Published January 13, 2015
President Bush expressed "serious concern" Saturday over the suicides at the U.S. military prison at Guantanamo Bay and directed an aggressive effort by his administration to reach out diplomatically while it investigates.
"He wants to make sure that this thing is done right from all points of view," White House press secretary Tony Snow said Saturday evening.
Bush, who is spending the weekend at Camp David, was notified at 7:45 a.m. EDT.
Snow said it was during his daily intelligence briefing just afterward when the president voiced his concern over the incident and directed that the bodies be "treated humanely and with cultural sensitivity" to show respect for Muslim traditions regarding the dead.The administration's controversial detentions at Guantanamo Bay of hundreds of men on suspicion of links to Al Qaeda and the Taliban, many of them for up to 4 1/2 years and without charge, is a point of contention between the United States and many of its allies in Europe in the Mideast.

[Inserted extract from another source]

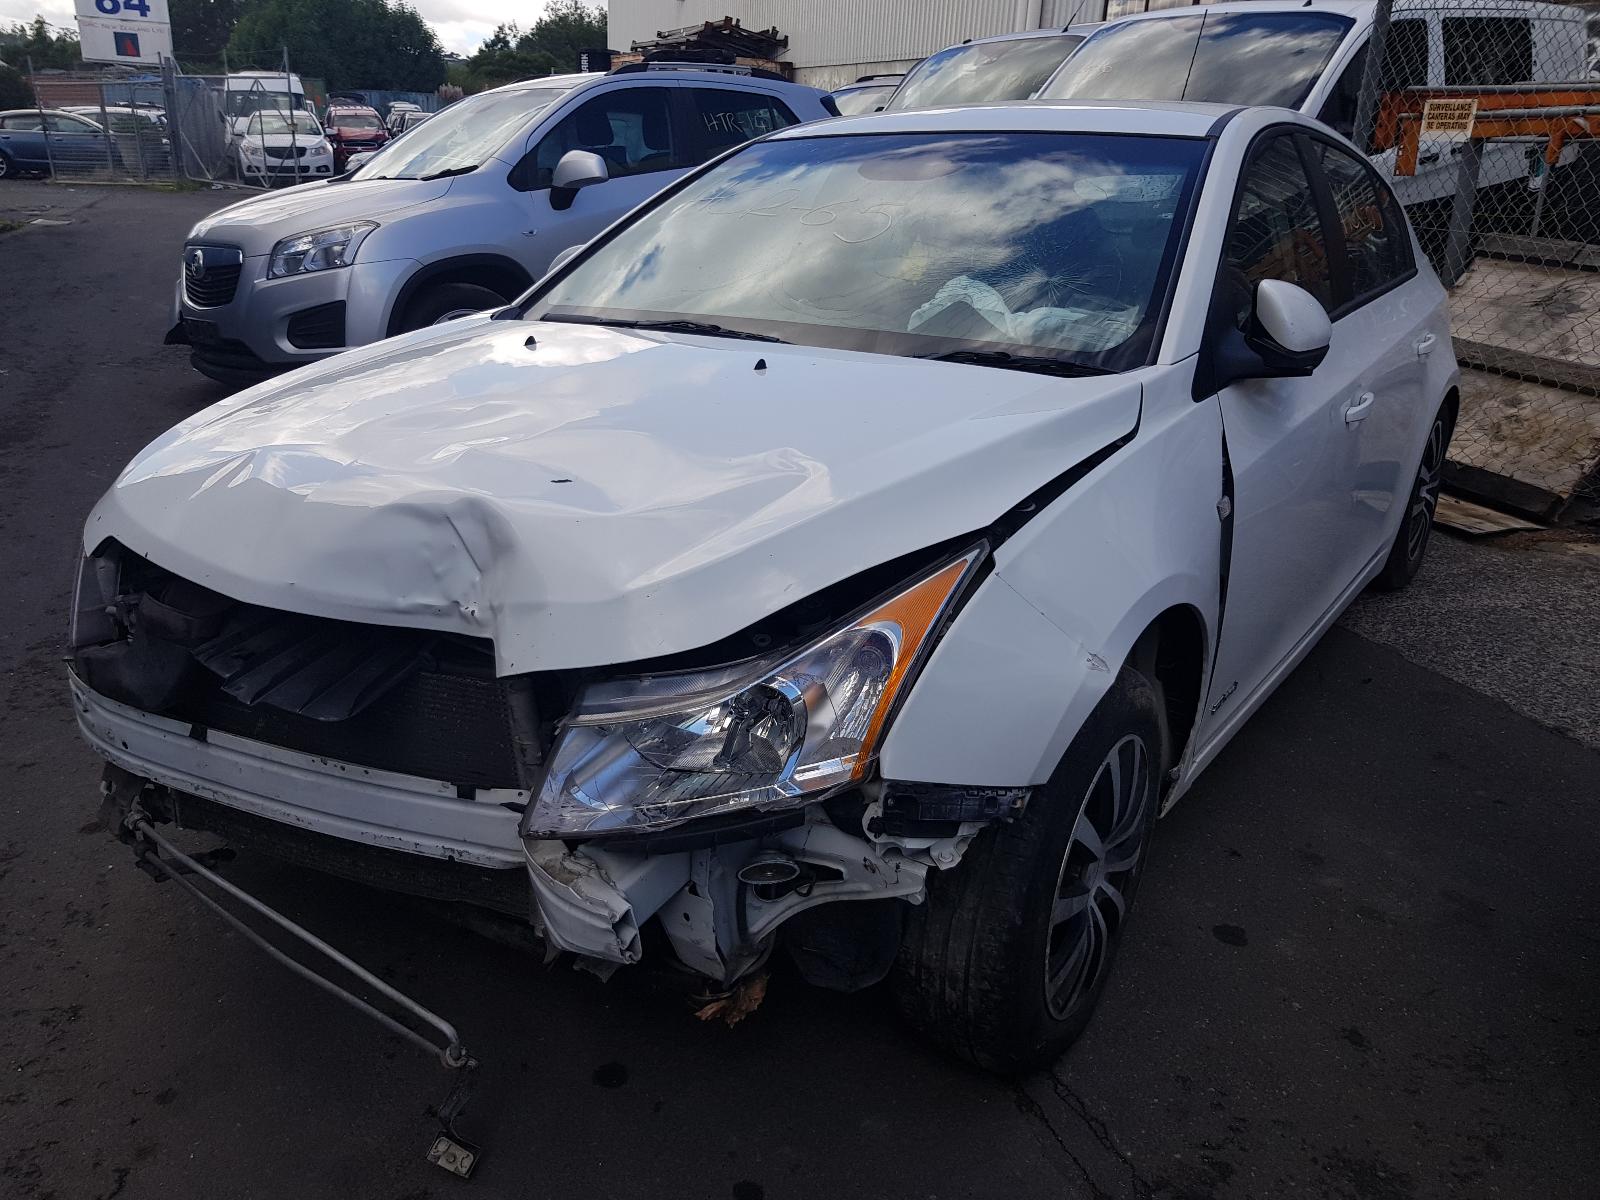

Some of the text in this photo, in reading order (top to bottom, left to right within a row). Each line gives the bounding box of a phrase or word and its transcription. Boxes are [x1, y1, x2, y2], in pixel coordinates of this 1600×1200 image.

Reflecting the potential diplomatic headaches that the suicides could create for the White House, they prompted an extraordinary round of global outreach by officials from the White House's National Security Council, the State Department and Bush's congressional liasons.
Within hours, the Bush administration had contacted the United Nations, the European Union, most European nations individually, the embassies of Mideast and near-Mideast countries, the International Committee of the Red Cross, bipartisan members of the congressional leadership and the ranking Republican and Democratic members of the House and Senate Foreign Relations and Intelligence committees, Snow said.
"There's been an aggressive effort not only on the part of the Pentagon to begin investigating and follow proper procedures and also the White House," Snow said. "It's kind of common sense. Guantanamo is obviously an issue of some concern."
The subject of the prison had come up just a day before in talks between Bush and Danish Prime Minister Anders Fogh Rasmussen, one of the president's staunch supporters who has been pushing Washington to close the prison. Bush defended the detentions, while saying his ultimate goal is to see Guantanamo emptied through releases or transfers of prisoners to their home countries.
Snow said there was "no direct indication" that the suicides were connected to the killing this week of terrorist Abu Musab al-Zarqawi in a U.S. airstrike in Iraq.
He also said that "to the best of anybody's knowledge" all proper procedures were followed to prevent the suicides at a facility where a few dozen had been previously attempted. But Snow said the investigation would continue until those sorts of questions were fully answered.
"These things do happen and it's an awful thing," he said. "People are going to take a very careful look at the situation there."